The super high band encoder is
An upsampler configured to upsample a signal based on the information from the encoded narrowband excitation signal to generate an interpolated signal;
A spectrum extender configured to extend a spectrum of a signal based on the interpolated signal to generate a spectrum extended signal;
Including
The super high band excitation signal is based on the spectral extension signal,
42. Apparatus according to any one of claims 37 to 41.

The narrowband signal has a first sampling rate;
The width of the high frequency subband is greater than 50 percent of the first sampling rate;
44. Apparatus according to any one of claims 37 to 43.

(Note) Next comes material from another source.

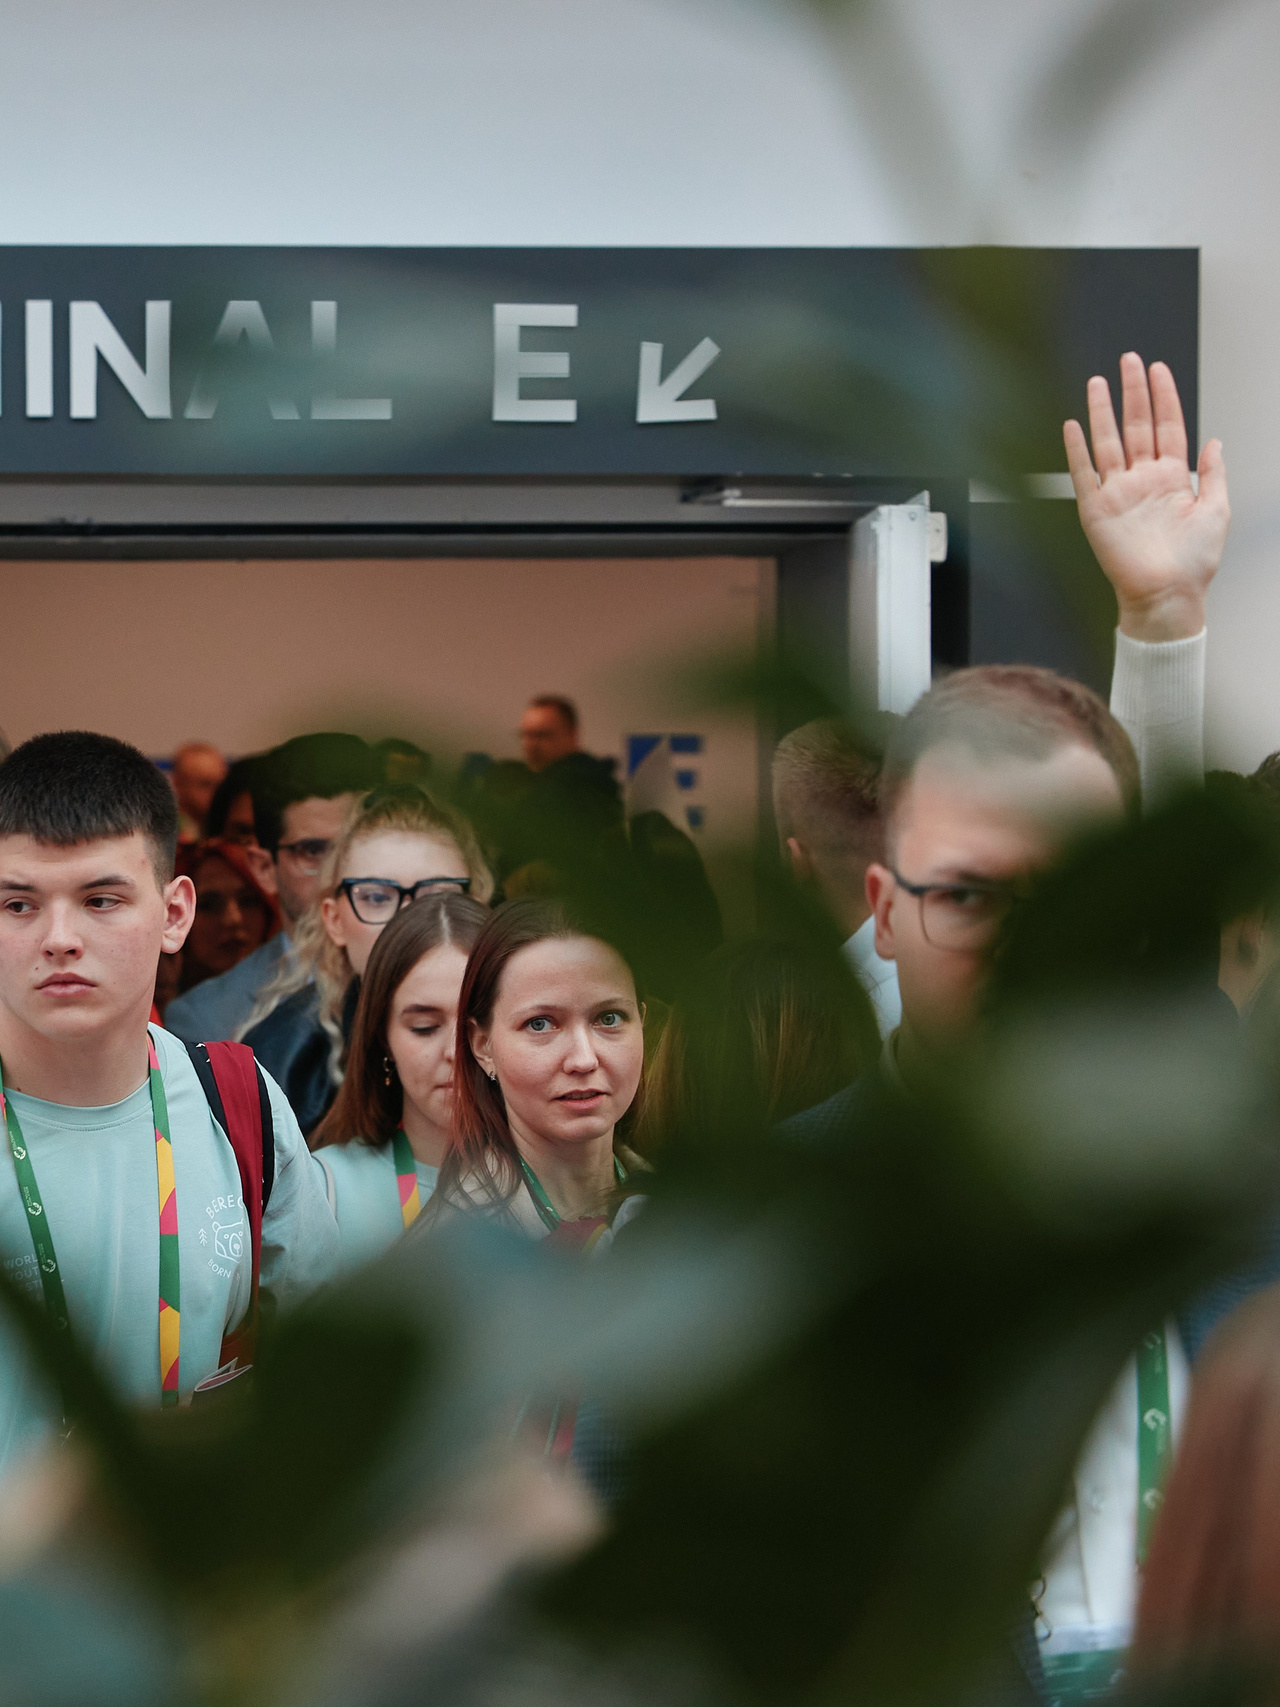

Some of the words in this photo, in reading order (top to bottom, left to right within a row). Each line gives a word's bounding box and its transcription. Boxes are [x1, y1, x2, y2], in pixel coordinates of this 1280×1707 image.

[492, 303, 579, 422] E
[3, 1253, 39, 1270] WORL
[207, 1258, 232, 1279] BORN

The width of the high frequency subband is equal to at least 75 percent of the first sampling rate;
45. Apparatus according to claim 44.

The width of the high frequency subband is at least 6 kilohertz;
46. Apparatus according to any one of claims 37 to 45.

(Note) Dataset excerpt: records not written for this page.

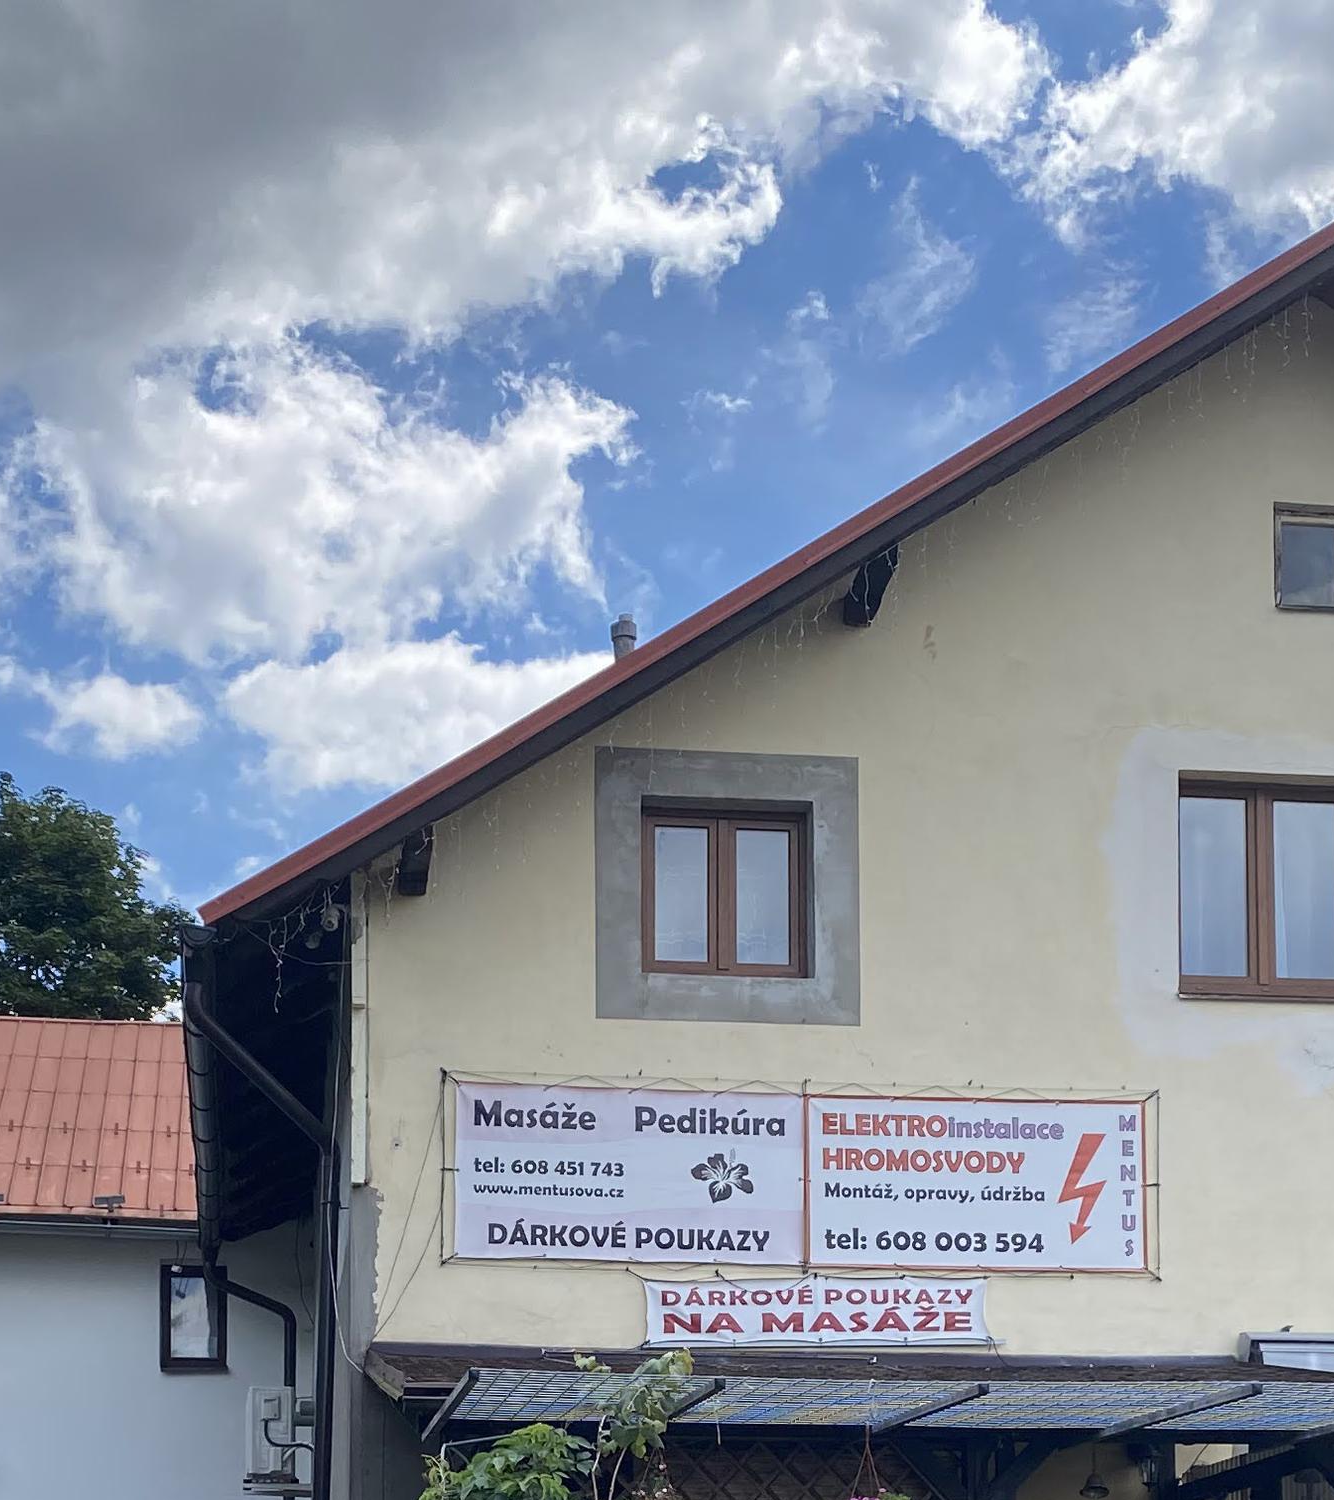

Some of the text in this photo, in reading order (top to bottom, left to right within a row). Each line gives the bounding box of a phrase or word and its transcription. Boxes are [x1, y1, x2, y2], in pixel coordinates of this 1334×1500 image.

[473, 1099, 786, 1137] Masáže Pedikúra
[822, 1112, 1064, 1140] ELEKTROinstalace
[473, 1157, 624, 1177] tel: 608 451 743
[822, 1148, 1025, 1174] HROMOSVODY
[473, 1184, 624, 1198] www.mentusova.cz
[824, 1182, 1045, 1204] Montáž, opravy, údržba
[1119, 1115, 1136, 1257] MENTUS
[488, 1218, 770, 1252] DÁRKOVÉ POUKAZY
[824, 1228, 1044, 1253] tel: 608 003 594
[661, 1285, 973, 1306] DÁRKOVÉ POUKAZY
[663, 1306, 973, 1334] NA MASÁŽE
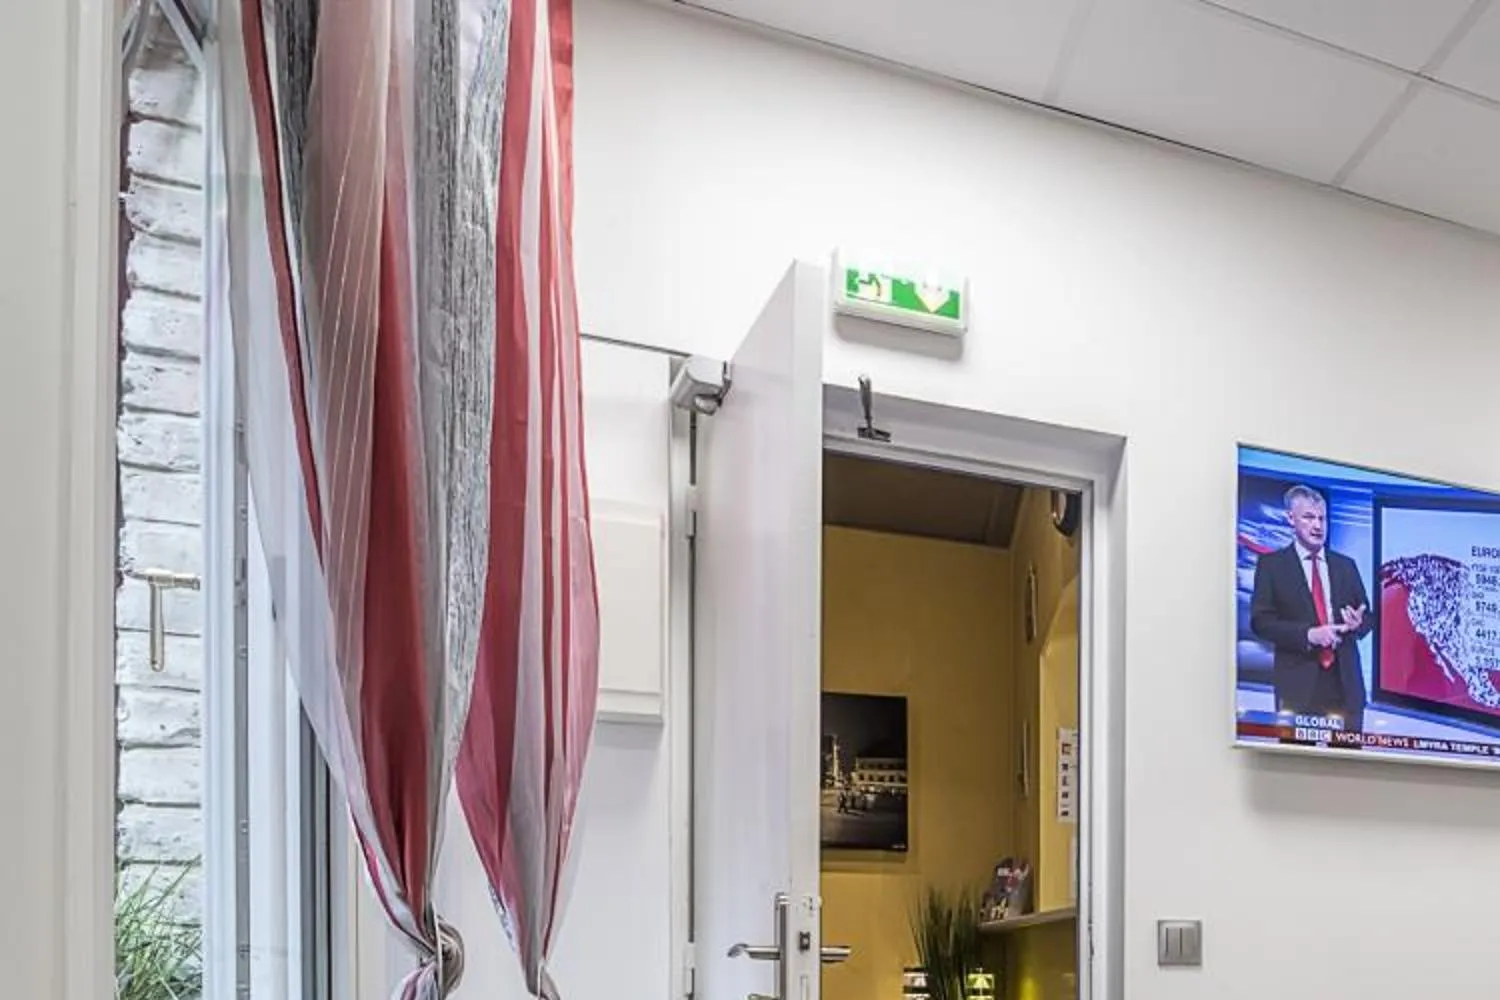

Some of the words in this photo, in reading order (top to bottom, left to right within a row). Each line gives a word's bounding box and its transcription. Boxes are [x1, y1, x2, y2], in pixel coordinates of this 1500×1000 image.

[1295, 715, 1341, 730] GLOBAL
[1335, 731, 1376, 745] WORLD
[1379, 735, 1409, 747] NEWS

The high frequency subband includes a frequency range from 8 kilohertz (8 kHz) to 8500 hertz (8500 Hz);
The high frequency subband includes a frequency range from 13 kilohertz (13 kHz) to 13.5 kilohertz (13,500 Hz);
47. Apparatus according to any one of claims 37 to 46.

The acoustic signal has a frequency component in an intermediate frequency subband different from the low frequency subband;
The filter bank is configured to obtain a highband signal based on the frequency component in the intermediate frequency subband;
The device is
(A) calculating a highband excitation signal based on information from the encoded narrowband excitation signal; and (B) a spectrum of the intermediate frequency subband based on information from the highband signal. Calculating a plurality of filter parameters characterizing the envelope; and (C) evaluating a time-varying relationship between the signal based on the highband signal and the signal based on the highband excitation signal. A high band encoder configured to perform a gain factor calculation;
including,
48. Apparatus according to any one of claims 37 to 47.

The calculated gain factors represent a relationship between (A) a frame of the signal based on the super high band signal and (B) a corresponding frame of the signal based on the super high band excitation signal. A plurality of n gain factors,
The second plurality of gain factors is a plurality of m representing a relationship between (A) a frame of the signal based on the highband signal and (B) a corresponding frame of the signal based on the highband excitation signal. Gain factors,
Including
n is greater than m,
49. The apparatus of claim 48.

A non-transitory computer readable storage medium having a tangible form,
The tangible form is for processing an acoustic signal having frequency components in a low frequency subband and in a high frequency subband separated from the low frequency subband.
Filtering the acoustic signal to obtain a narrowband signal and a super highband signal;
Calculating an encoded narrowband excitation signal based on information from the narrowband signal;
Calculating a super high band excitation signal based on information from the encoded narrowband excitation signal;
Calculating a plurality of filter parameters characterizing a spectral envelope of the high frequency subband based on information from the super highband signal;
Calculating a plurality of gain factors by evaluating a time-varying relationship between a signal based on the super high band signal and a signal based on the super high band excitation signal;
Is performed by a machine that reads the form,
The narrowband signal is based on the frequency component in the low frequency subband,
The super high band signal is based on the frequency component in the high frequency subband,
The width of the low frequency subband is at least 3 kilohertz;
The low frequency subband and the high frequency subband are separated by a distance equal to at least half of the width of the low frequency subband;
Non-transitory computer readable storage medium.